*Data provided*.
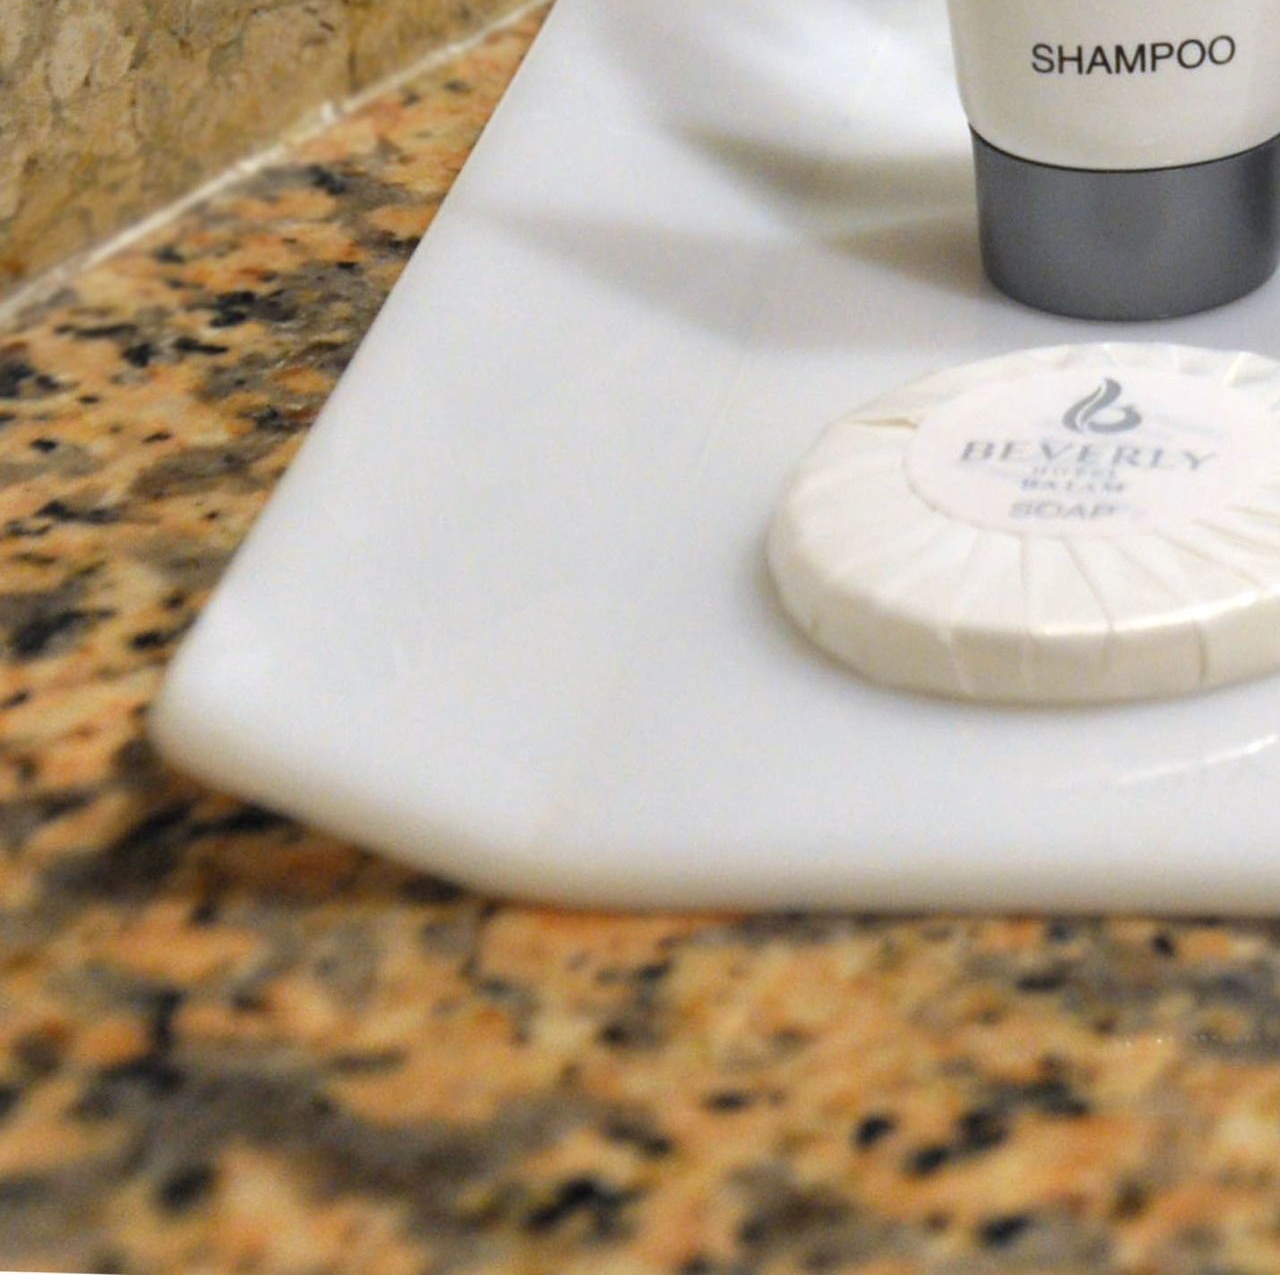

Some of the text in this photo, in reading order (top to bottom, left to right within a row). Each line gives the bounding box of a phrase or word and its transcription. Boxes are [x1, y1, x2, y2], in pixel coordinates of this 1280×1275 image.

[1031, 35, 1237, 75] SHAMPOO
[959, 440, 1217, 473] BEVERLY
[1008, 499, 1117, 520] SOAP
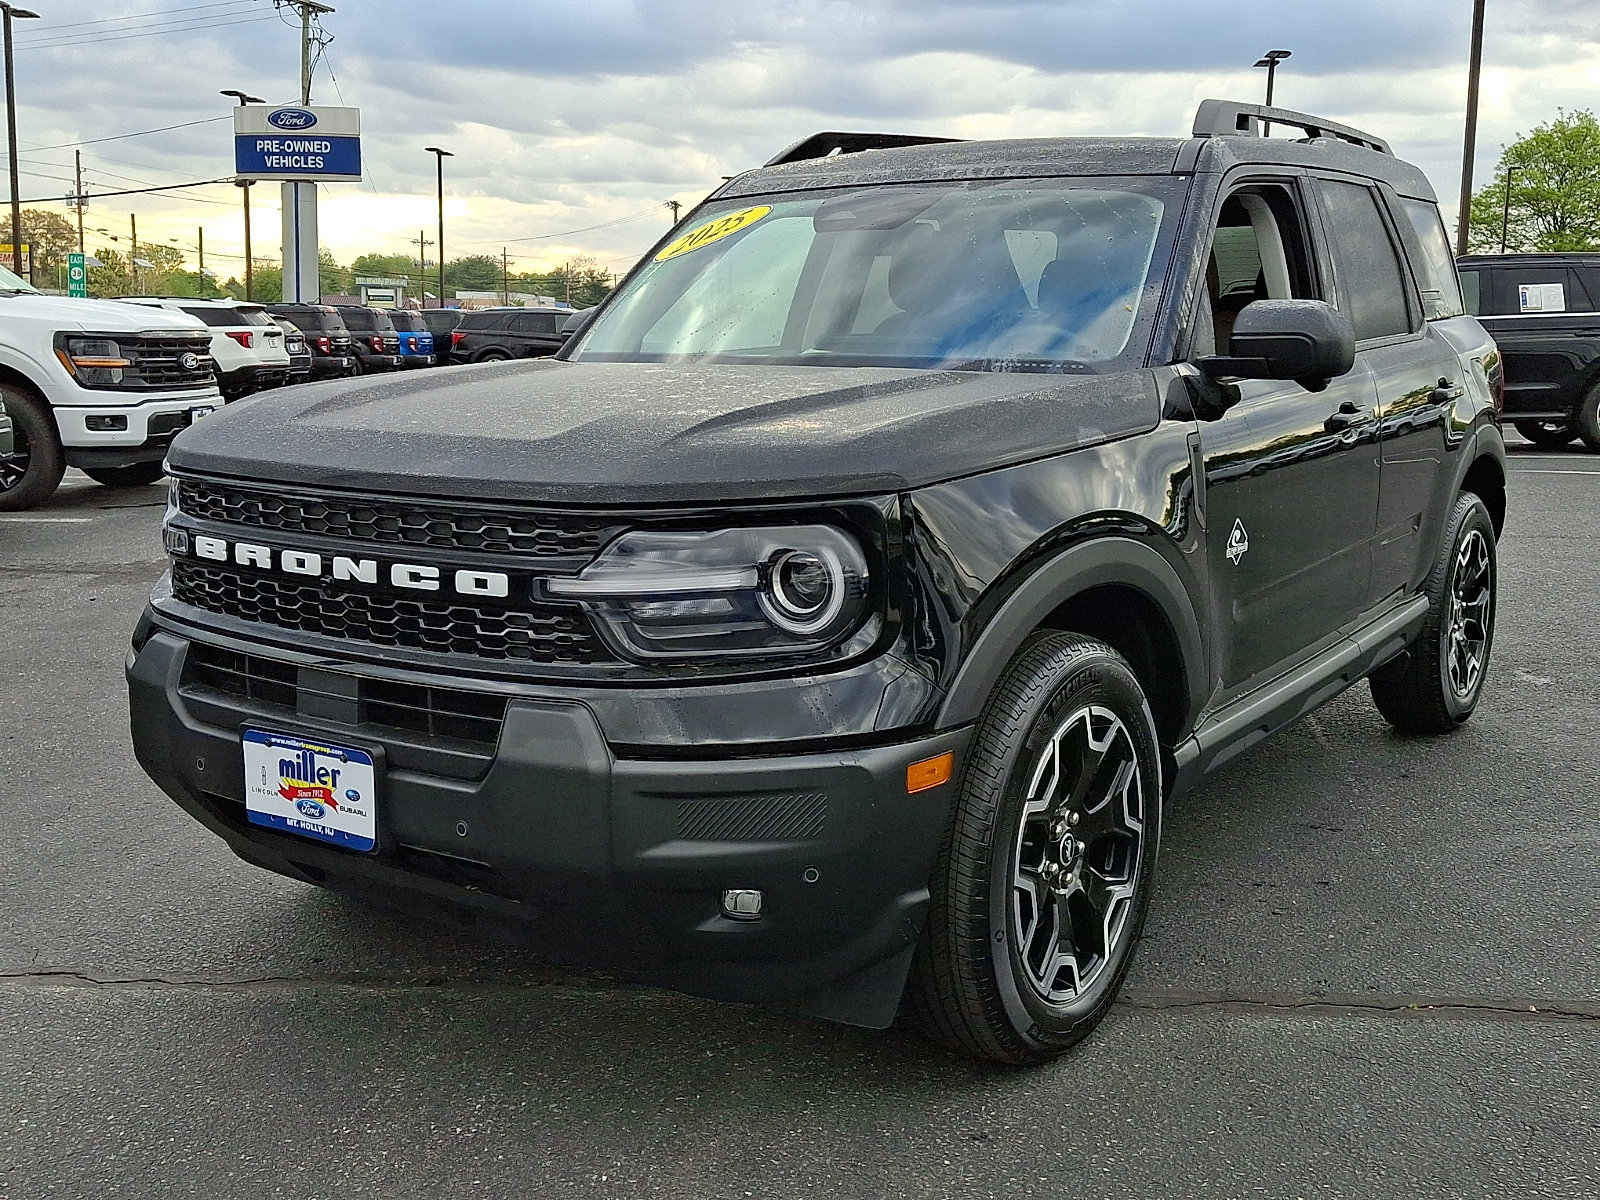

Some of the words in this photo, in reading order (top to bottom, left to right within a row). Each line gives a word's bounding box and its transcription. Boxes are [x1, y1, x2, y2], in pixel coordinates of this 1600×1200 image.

[277, 112, 306, 126] Ford
[256, 140, 331, 153] PRE-OWNED
[264, 155, 324, 168] VEHICLES
[667, 209, 754, 256] 2025
[70, 255, 83, 264] EAST
[72, 269, 82, 277] 38
[69, 283, 84, 291] MILE
[195, 535, 508, 597] BRONCO
[279, 750, 340, 787] miller
[251, 786, 279, 797] LINCOLN
[297, 790, 312, 798] Since
[312, 790, 324, 798] 1912
[301, 800, 320, 816] Ford
[339, 805, 368, 818] SUBARU
[286, 817, 299, 828] MT.
[300, 820, 324, 835] HOLLY,
[324, 827, 335, 837] NJ
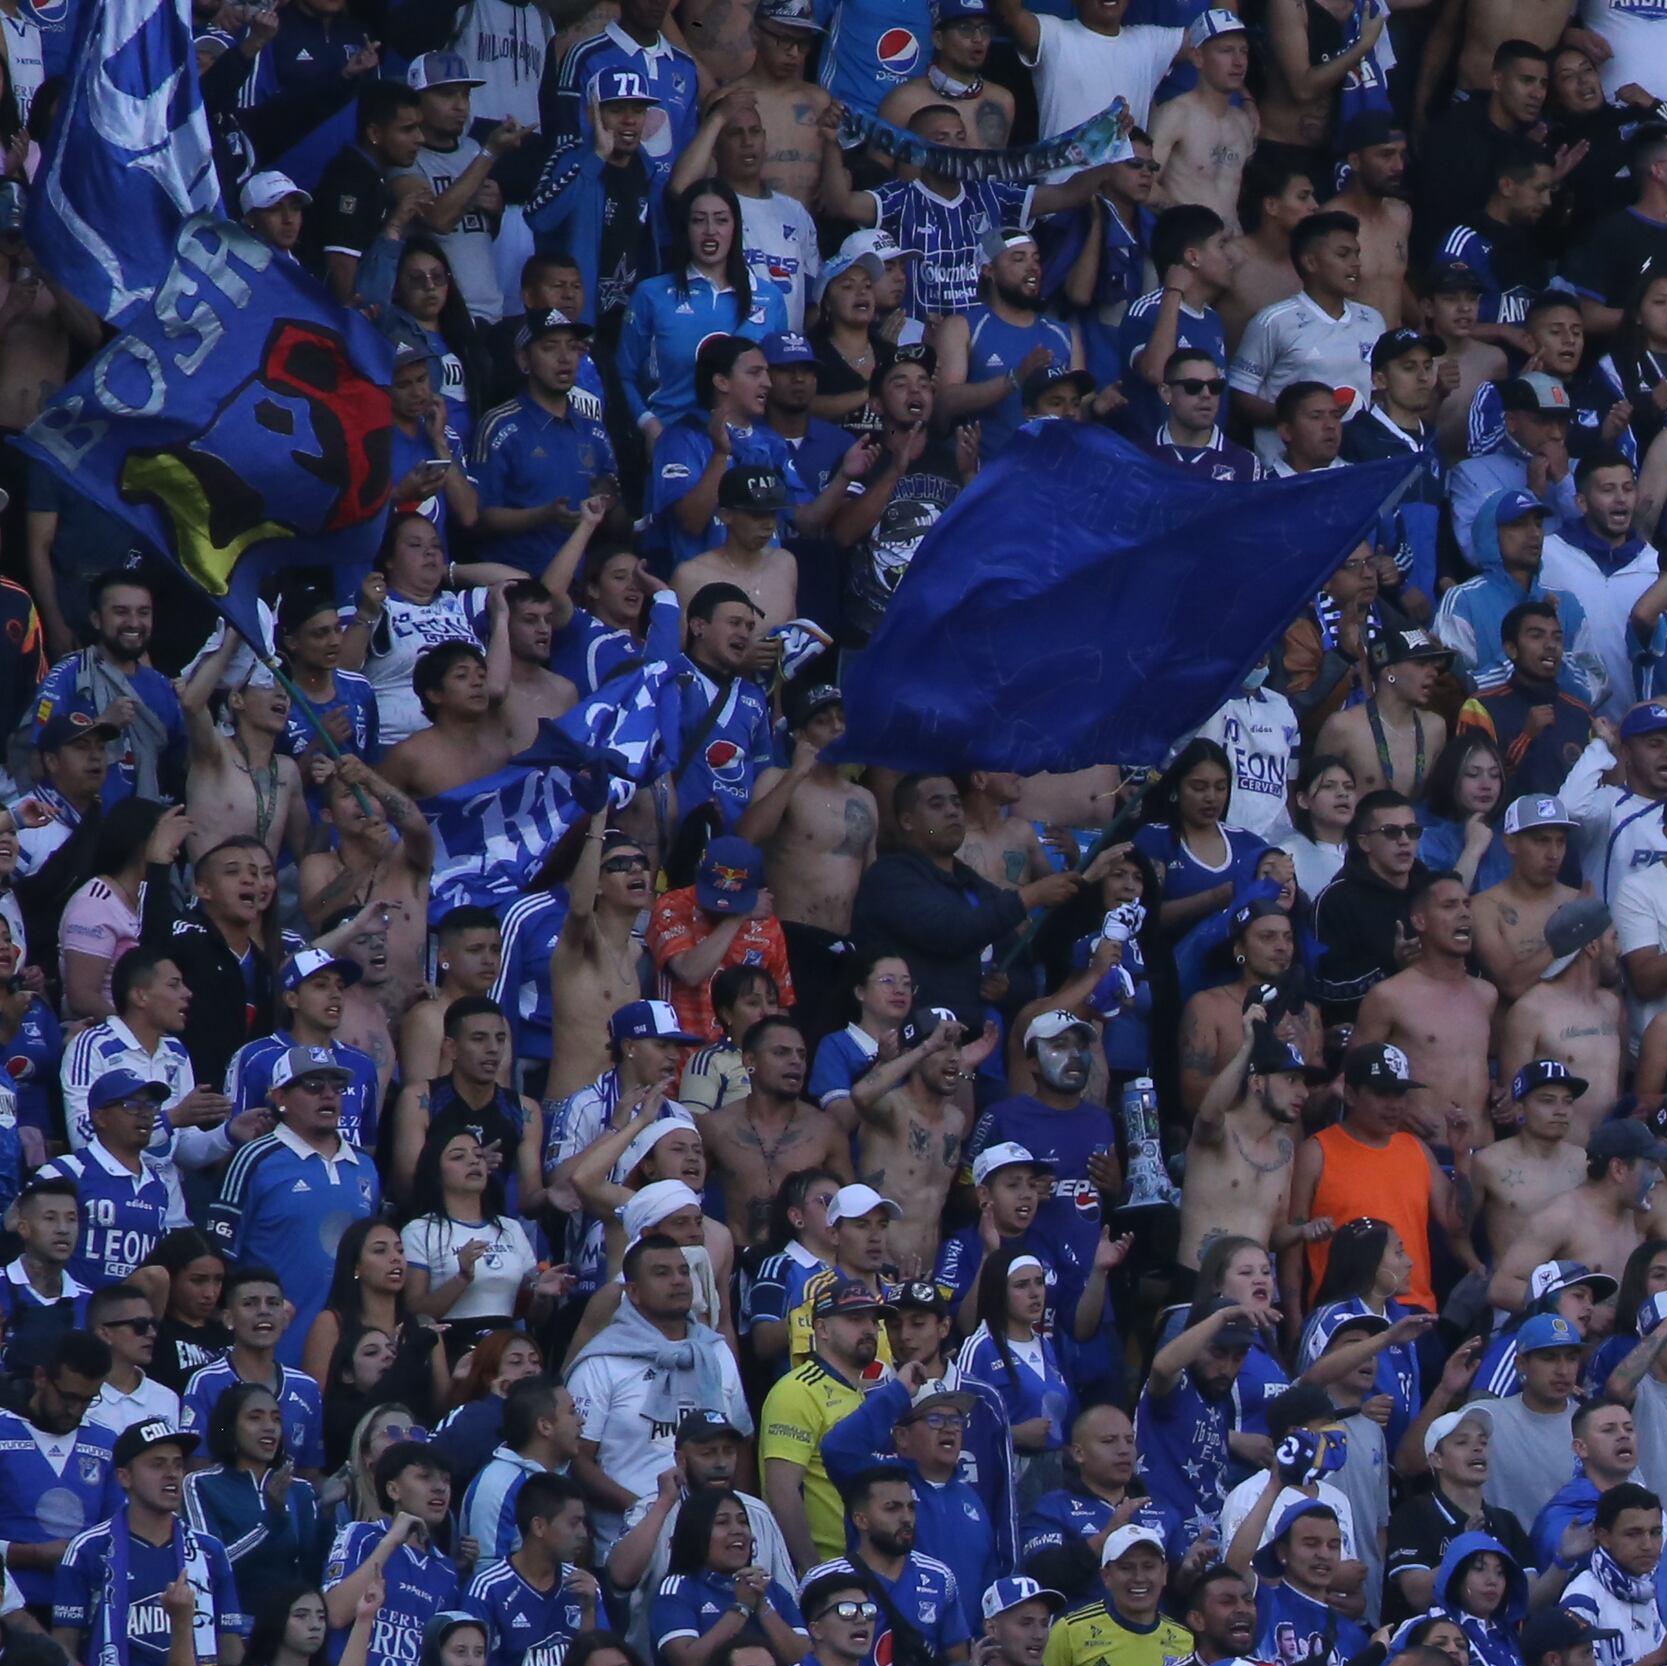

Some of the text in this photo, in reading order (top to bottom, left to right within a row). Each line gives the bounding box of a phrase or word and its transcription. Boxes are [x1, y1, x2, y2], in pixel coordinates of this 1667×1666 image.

[613, 73, 641, 97] 77
[942, 285, 979, 301] nuestr
[24, 212, 274, 472] BOSA
[1236, 748, 1286, 783] EON
[1539, 1062, 1565, 1078] 77
[84, 1200, 116, 1227] 10
[125, 1199, 153, 1211] adidas
[84, 1228, 157, 1264] LEON
[0, 1440, 34, 1451] YUNDAI
[76, 1445, 112, 1459] HYUNDAI
[128, 1603, 171, 1635] ANDI

*What is required*.
Repeat the data word for word. Images are not part of the copy.

*Output below*.
Some of the text in this photo, in reading order (top to bottom, left to right within a row). Each line gives the bounding box of a phrase or word and its transcription. Boxes are [x1, y1, x2, y2], in pixel coordinates of this 1280×1275 image.

[1031, 35, 1237, 75] SHAMPOO
[959, 440, 1217, 473] BEVERLY
[1008, 499, 1117, 520] SOAP

Some of the words in this photo, in reading order (top to bottom, left to right within a row). Each line gives a word's bounding box and its transcription. Boxes are [x1, y1, x2, y2], in pixel coordinates of this 1600×1200 image.

[277, 112, 306, 126] Ford
[256, 140, 331, 153] PRE-OWNED
[264, 155, 324, 168] VEHICLES
[667, 209, 754, 256] 2025
[70, 255, 83, 264] EAST
[72, 269, 82, 277] 38
[69, 283, 84, 291] MILE
[195, 535, 508, 597] BRONCO
[279, 750, 340, 787] miller
[251, 786, 279, 797] LINCOLN
[297, 790, 312, 798] Since
[312, 790, 324, 798] 1912
[301, 800, 320, 816] Ford
[339, 805, 368, 818] SUBARU
[286, 817, 299, 828] MT.
[300, 820, 324, 835] HOLLY,
[324, 827, 335, 837] NJ

Some of the text in this photo, in reading order (top to bottom, left to right within a row). Each line gives the bounding box of a phrase or word and its transcription. Boxes are [x1, y1, x2, y2], in pixel coordinates of this 1667×1666 image.

[613, 73, 641, 97] 77
[942, 285, 979, 301] nuestr
[24, 212, 274, 472] BOSA
[1236, 748, 1286, 783] EON
[1539, 1062, 1565, 1078] 77
[84, 1200, 116, 1227] 10
[125, 1199, 153, 1211] adidas
[84, 1228, 157, 1264] LEON
[0, 1440, 34, 1451] YUNDAI
[76, 1445, 112, 1459] HYUNDAI
[128, 1603, 171, 1635] ANDI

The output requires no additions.